“No pierdo la esperanza”, afirmó el viernes la madre de un adolescente suizo que seguía desaparecido tras el incendio del bar de la estación alpina de Crans-Montana, donde celebraba el Año Nuevo.
HORAS DE TERROR
El último mensaje que Laetitia Brodard, una suiza del oeste de Lausana, recibió de su hijo, a las 00:03, decía: “Mamá, Feliz Año, te quiero”.A las 00:06, “le respondí: ‘te quiero, cariño'”, cuenta la madre. A las 01:28 de la madrugada, vio un video que él había enviado a sus amigos, en el que “estaban todos juntos en la mesa celebrando”.
A la 01:30, se produjo la primera llamada a la policía para alertar del incendio.
“¿Es la mesa de mi hijo la que se prendió fuego? No lo sé. Pasaron 40 horas. 40 horas en las que nuestros hijos están desaparecidos. Necesitamos saber”, apostilla la mujer ante varios medios, frente al memorial improvisado a pocos metros del bar Le Constellation, que ardió durante la Nochevieja.
El incendio dejó 40 muertos y más de un centenar de heridos, en su mayoría jóvenes.

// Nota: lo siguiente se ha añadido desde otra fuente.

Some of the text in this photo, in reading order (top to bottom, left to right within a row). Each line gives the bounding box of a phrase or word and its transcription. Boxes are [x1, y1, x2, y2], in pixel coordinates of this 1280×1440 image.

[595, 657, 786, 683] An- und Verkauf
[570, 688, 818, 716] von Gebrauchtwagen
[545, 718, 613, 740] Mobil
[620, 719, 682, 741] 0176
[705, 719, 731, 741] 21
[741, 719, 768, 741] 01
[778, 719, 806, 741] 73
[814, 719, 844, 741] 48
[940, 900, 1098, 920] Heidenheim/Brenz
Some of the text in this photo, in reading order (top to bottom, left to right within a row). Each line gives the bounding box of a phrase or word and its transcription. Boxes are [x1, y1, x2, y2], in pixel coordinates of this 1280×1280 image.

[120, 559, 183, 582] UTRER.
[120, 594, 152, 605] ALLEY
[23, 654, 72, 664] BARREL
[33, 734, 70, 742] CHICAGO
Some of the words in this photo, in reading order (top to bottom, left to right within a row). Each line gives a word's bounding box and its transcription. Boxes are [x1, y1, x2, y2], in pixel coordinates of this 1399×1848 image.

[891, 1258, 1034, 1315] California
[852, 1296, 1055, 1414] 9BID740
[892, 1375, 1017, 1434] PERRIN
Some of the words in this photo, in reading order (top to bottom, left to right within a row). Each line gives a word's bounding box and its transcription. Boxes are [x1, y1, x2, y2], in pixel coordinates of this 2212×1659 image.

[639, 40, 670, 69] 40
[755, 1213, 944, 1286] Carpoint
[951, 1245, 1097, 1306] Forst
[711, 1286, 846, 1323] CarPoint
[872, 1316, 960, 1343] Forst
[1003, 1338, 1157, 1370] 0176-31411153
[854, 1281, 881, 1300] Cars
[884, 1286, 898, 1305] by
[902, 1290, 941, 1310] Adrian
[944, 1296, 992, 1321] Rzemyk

LARGO PROCESO DE IDENTIFICACIÓN
Las autoridades suizas repiten que el proceso de identificación será largo.
“Hemos entregado el ADN. Nos pidieron que describiéramos la ropa, pero como se puede ver en los últimos videos, no hay ropa (en los cuerpos calcinados). Así que solo queda el ADN, y sabemos que eso lleva tiempo. Lo entendemos. Pero hay otros medios: una foto de un dedo del pie, se podrían cotejar las fotos de las extremidades de las personas vivas y sabríamos quién es”, suplica.
El viernes por la mañana “tuvimos una cita a las 10:00” en la célula de emergencia establecida por las autoridades, dice. “Nos dieron muy poca información (…) y son muy cuidadosos con la información que dan a los padres para no dar falsas esperanzas, lo cual es normal”, explica.